What’s the Password?

password1Today is Friday, July 5, 2013.

These days people have passwords, a lot of them, mostly for use on the Internet, and some for use with the bank account.  Now there is a new use for passwords.  Families with young children are encouraged to set up a secret password with their kids, to be used when someone other than the usual person picks them up from school (even if it is someone the kids know).  Families can also use their password to call someone who is away from home to alert them to return home immediately.  A separate password can alert family members not to come home, if someone in the house is being held captive, for instance.

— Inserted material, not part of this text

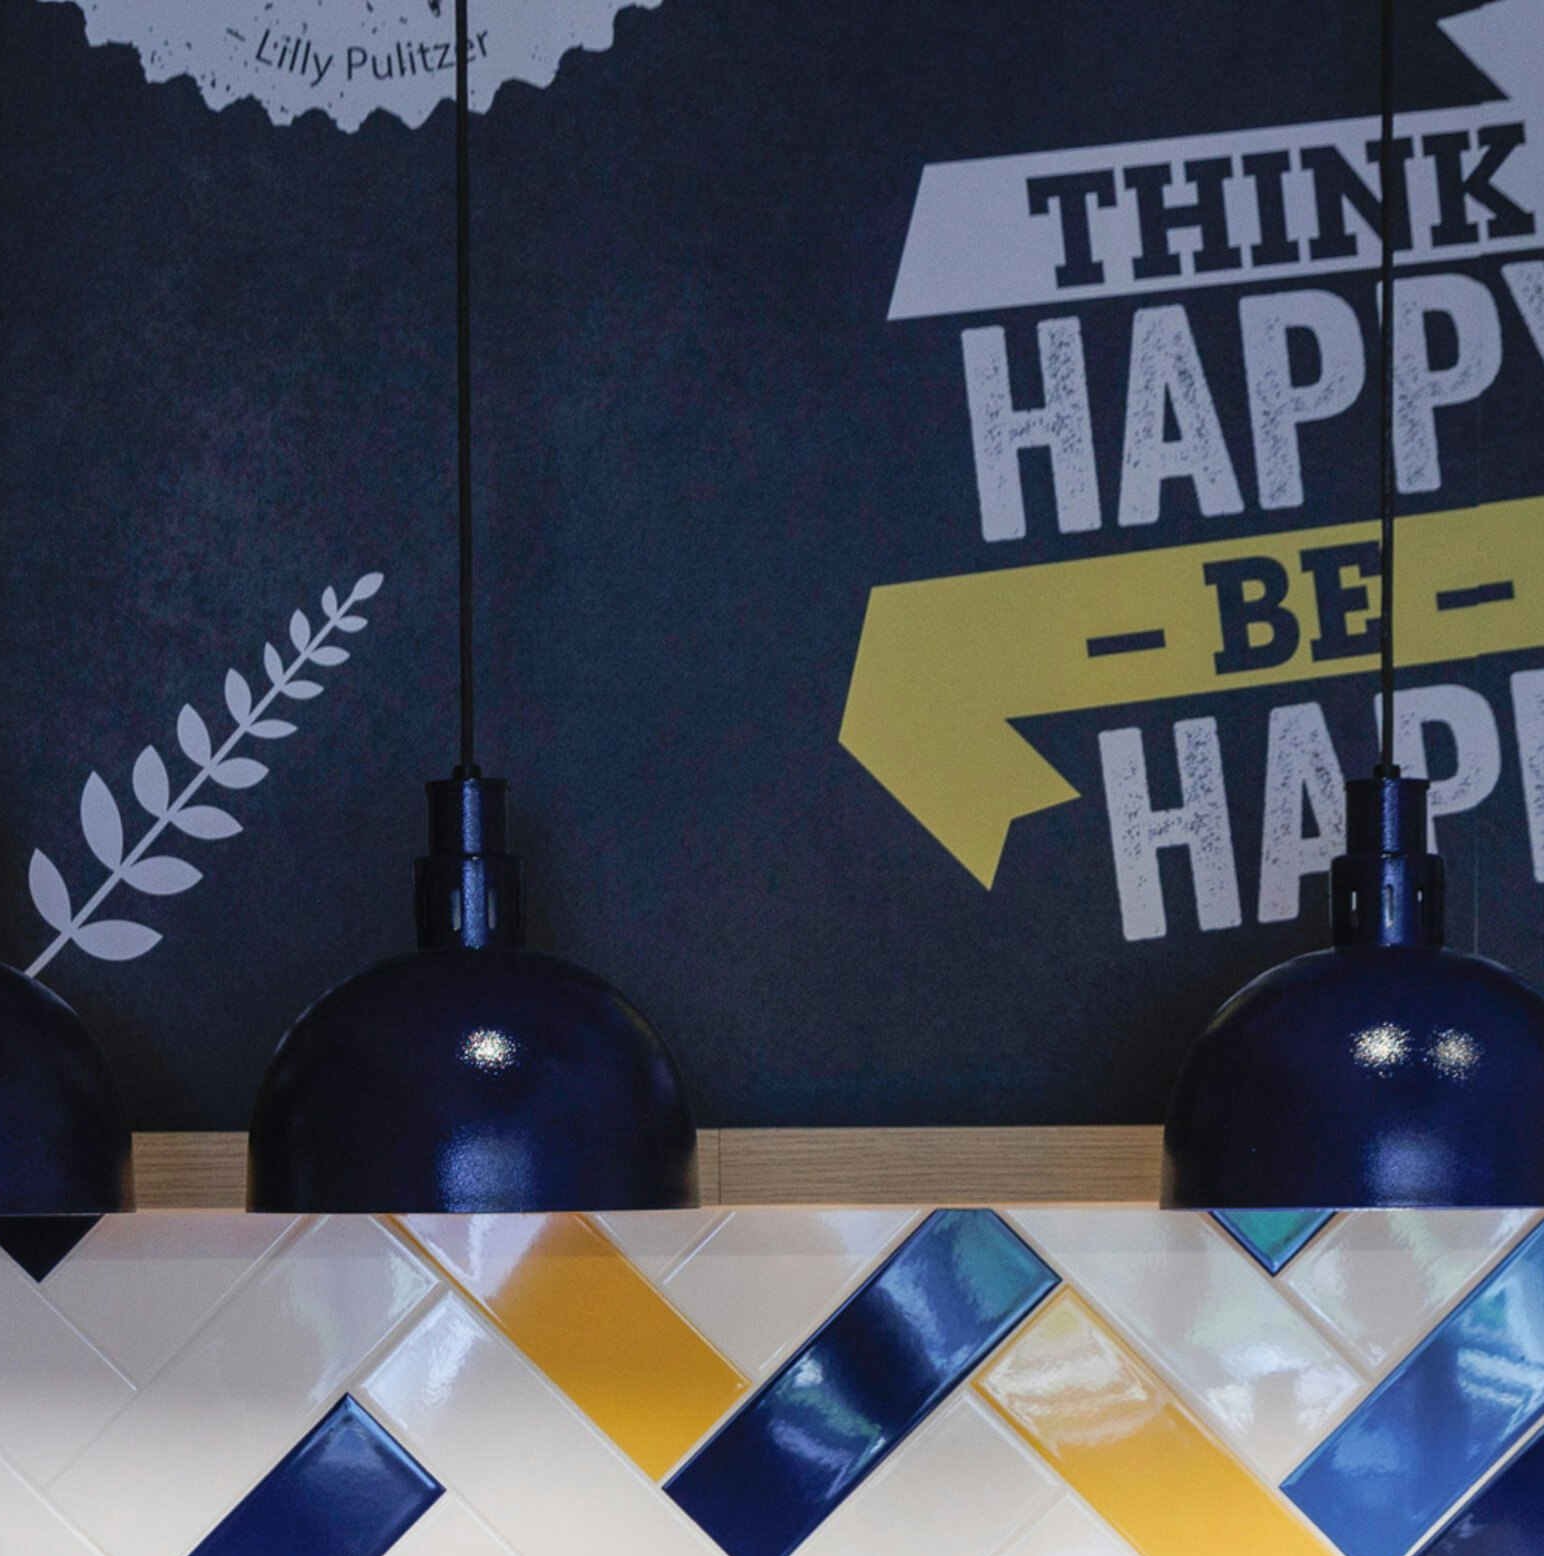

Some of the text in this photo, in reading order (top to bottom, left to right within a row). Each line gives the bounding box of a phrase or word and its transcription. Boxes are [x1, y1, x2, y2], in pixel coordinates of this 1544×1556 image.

This idea sounds like a good one.  I wonder if it would help if the family shared the password (which could be changed) with a kindergarten or first-grade teacher in cases where the one of the parents has taken out a restraining order on the other parent.   Teachers are generally made aware of these types of situations, but there is always the time when there is a substitute teacher who does not know the drill.  I sure would hate to be the sub who let the wrong parent pick a child up from school.

Every 40 seconds, a child becomes missing or is abducted.  There are three main situations where children are abducted.   Family abductions occur when a child is taken by one of the parents in violation of a custody agreement, or by a known relative.  More than 350,000 family abductions occur in the U.S. each year; that is nearly 1,000 abductions per day.  Family kidnapping accounts for 49 percent of all kidnappings.  Non-family abductions occur when a child is coerced into a building or a vehicle or a distance of over 20 feet by someone who is not a relative.  An alarming 27 % of all abductions are committed by a person that the child knows, someone they have learned to trust, such as a neighbor. Only 24% of all child kidnappings involve strangers.  In 80 percent of abductions by strangers, the first contact between the child and the abductor occurs within a quarter mile of the child’s home. About 74 percent of the victims of non-family child abduction are girls.  Many parents are afraid that their child may be abducted by a registered sex offender, but FBI statistics for 2010 show that this is the case in only about 1% of all the abduction cases.   It’s important to remember that the vast majority of cases are resolved within a few hours.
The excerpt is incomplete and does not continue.